**Data for this exercise**
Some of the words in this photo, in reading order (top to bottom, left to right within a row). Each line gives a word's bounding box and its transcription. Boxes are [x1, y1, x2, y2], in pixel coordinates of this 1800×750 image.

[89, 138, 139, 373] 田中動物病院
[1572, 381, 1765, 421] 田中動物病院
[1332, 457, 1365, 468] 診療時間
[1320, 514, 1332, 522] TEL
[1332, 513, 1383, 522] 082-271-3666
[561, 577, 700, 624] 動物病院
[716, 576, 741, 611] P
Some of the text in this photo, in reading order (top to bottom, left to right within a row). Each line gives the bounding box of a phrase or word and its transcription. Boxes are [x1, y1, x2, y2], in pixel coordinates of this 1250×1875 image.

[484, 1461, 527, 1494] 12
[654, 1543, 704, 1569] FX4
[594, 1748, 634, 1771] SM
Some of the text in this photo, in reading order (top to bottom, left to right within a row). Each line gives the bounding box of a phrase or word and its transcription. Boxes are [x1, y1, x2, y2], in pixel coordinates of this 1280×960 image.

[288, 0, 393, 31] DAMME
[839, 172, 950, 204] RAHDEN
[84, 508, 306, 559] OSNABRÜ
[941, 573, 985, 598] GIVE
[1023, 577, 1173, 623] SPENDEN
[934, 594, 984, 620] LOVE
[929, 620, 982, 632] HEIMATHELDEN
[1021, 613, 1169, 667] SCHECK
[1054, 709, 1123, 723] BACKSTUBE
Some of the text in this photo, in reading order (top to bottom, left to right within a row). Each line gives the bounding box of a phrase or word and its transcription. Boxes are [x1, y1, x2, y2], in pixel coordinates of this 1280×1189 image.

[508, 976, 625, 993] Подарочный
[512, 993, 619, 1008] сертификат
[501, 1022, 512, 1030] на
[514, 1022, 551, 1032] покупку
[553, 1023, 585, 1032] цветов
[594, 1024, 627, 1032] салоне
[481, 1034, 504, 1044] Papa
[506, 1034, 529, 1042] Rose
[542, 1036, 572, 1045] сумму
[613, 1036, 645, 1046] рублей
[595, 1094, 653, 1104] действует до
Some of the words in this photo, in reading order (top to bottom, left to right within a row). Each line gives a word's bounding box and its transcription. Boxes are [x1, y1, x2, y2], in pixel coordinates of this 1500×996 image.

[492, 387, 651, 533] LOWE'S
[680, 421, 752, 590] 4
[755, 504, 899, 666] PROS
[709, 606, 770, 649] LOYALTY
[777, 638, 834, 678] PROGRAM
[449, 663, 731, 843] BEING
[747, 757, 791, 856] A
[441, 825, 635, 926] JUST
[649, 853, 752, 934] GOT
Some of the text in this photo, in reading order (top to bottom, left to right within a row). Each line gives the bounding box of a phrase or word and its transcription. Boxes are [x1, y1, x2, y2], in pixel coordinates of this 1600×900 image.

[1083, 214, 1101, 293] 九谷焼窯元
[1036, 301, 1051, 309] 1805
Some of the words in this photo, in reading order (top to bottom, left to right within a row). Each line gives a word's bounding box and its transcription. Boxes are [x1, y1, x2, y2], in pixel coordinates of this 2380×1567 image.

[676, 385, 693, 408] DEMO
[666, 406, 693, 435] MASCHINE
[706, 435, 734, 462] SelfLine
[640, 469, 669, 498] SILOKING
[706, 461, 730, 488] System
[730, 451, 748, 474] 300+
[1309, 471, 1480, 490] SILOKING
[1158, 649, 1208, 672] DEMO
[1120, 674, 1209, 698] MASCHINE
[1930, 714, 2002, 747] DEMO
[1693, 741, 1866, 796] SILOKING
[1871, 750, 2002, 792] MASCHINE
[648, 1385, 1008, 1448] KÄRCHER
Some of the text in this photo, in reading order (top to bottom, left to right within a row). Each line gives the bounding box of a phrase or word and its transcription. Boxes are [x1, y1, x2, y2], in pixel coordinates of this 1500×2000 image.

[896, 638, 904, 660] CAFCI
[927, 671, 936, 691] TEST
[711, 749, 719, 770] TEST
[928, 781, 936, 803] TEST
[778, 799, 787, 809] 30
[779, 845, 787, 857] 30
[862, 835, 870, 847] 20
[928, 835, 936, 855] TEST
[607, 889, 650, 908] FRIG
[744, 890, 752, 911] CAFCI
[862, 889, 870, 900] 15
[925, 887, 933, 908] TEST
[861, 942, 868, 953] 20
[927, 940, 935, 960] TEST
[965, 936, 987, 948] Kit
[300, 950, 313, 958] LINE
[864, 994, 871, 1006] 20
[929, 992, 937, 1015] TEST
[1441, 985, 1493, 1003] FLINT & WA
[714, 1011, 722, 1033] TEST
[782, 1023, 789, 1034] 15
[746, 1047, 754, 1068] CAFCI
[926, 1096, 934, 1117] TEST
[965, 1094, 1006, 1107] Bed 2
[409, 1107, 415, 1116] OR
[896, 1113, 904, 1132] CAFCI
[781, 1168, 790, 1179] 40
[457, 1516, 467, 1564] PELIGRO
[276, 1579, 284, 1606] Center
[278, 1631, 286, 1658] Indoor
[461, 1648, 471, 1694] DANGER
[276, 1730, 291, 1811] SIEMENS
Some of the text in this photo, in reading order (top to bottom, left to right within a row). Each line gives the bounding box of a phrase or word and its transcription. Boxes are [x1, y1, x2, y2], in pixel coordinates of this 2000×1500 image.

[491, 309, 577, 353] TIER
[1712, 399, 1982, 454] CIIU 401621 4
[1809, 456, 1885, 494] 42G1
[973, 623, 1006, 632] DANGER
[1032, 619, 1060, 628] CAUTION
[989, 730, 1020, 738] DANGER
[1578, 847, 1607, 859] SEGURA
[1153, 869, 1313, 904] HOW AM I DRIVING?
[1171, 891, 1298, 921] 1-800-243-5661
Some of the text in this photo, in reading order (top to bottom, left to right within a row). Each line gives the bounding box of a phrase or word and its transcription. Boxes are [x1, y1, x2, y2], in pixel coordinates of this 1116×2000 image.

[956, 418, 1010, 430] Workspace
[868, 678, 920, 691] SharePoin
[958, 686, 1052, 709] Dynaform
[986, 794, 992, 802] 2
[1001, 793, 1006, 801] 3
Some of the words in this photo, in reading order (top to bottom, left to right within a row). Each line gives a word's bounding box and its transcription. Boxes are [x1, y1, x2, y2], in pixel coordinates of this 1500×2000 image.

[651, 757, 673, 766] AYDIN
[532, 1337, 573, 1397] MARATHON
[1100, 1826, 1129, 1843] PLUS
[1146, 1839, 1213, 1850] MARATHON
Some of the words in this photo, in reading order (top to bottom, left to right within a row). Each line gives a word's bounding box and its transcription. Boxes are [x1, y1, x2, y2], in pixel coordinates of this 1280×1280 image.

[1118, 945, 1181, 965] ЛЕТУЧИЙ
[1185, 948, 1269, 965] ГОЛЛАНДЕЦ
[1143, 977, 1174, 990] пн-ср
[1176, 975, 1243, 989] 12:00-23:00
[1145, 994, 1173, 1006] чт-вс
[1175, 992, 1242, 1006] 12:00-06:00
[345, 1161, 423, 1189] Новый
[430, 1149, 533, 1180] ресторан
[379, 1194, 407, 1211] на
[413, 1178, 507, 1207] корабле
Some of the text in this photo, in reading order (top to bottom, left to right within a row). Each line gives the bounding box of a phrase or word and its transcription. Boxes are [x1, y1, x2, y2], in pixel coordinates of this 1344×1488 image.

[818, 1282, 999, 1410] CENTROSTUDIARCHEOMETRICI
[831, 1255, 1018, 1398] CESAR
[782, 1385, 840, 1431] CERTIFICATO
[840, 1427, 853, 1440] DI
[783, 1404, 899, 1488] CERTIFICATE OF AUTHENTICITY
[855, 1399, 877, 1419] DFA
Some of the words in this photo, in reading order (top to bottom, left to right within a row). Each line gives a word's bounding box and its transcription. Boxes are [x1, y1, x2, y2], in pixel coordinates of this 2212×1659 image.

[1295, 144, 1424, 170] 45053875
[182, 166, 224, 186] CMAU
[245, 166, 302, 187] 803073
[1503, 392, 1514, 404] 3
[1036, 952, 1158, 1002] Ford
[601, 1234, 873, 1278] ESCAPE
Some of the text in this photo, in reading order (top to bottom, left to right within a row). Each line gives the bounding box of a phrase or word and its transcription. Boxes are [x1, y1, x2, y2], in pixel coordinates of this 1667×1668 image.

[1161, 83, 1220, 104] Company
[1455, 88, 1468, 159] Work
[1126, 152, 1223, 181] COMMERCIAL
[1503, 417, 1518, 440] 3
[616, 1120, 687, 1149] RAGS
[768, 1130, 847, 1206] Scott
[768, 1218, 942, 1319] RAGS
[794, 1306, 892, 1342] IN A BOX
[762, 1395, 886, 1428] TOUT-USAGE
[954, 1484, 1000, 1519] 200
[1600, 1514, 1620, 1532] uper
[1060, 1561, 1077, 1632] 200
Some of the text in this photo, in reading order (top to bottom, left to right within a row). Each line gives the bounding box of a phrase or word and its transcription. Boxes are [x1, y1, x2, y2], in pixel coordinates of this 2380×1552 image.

**Your objective**
Give back exactly the lines from the one containing "this 1667×1668 image." to the end of the material, both ends included.

**Solution to this exercise**
Some of the text in this photo, in reading order (top to bottom, left to right within a row). Each line gives the bounding box of a phrase or word and its transcription. Boxes are [x1, y1, x2, y2], in pixel coordinates of this 1667×1668 image.

[1161, 83, 1220, 104] Company
[1455, 88, 1468, 159] Work
[1126, 152, 1223, 181] COMMERCIAL
[1503, 417, 1518, 440] 3
[616, 1120, 687, 1149] RAGS
[768, 1130, 847, 1206] Scott
[768, 1218, 942, 1319] RAGS
[794, 1306, 892, 1342] IN A BOX
[762, 1395, 886, 1428] TOUT-USAGE
[954, 1484, 1000, 1519] 200
[1600, 1514, 1620, 1532] uper
[1060, 1561, 1077, 1632] 200
Some of the text in this photo, in reading order (top to bottom, left to right within a row). Each line gives the bounding box of a phrase or word and its transcription. Boxes are [x1, y1, x2, y2], in pixel coordinates of this 2380×1552 image.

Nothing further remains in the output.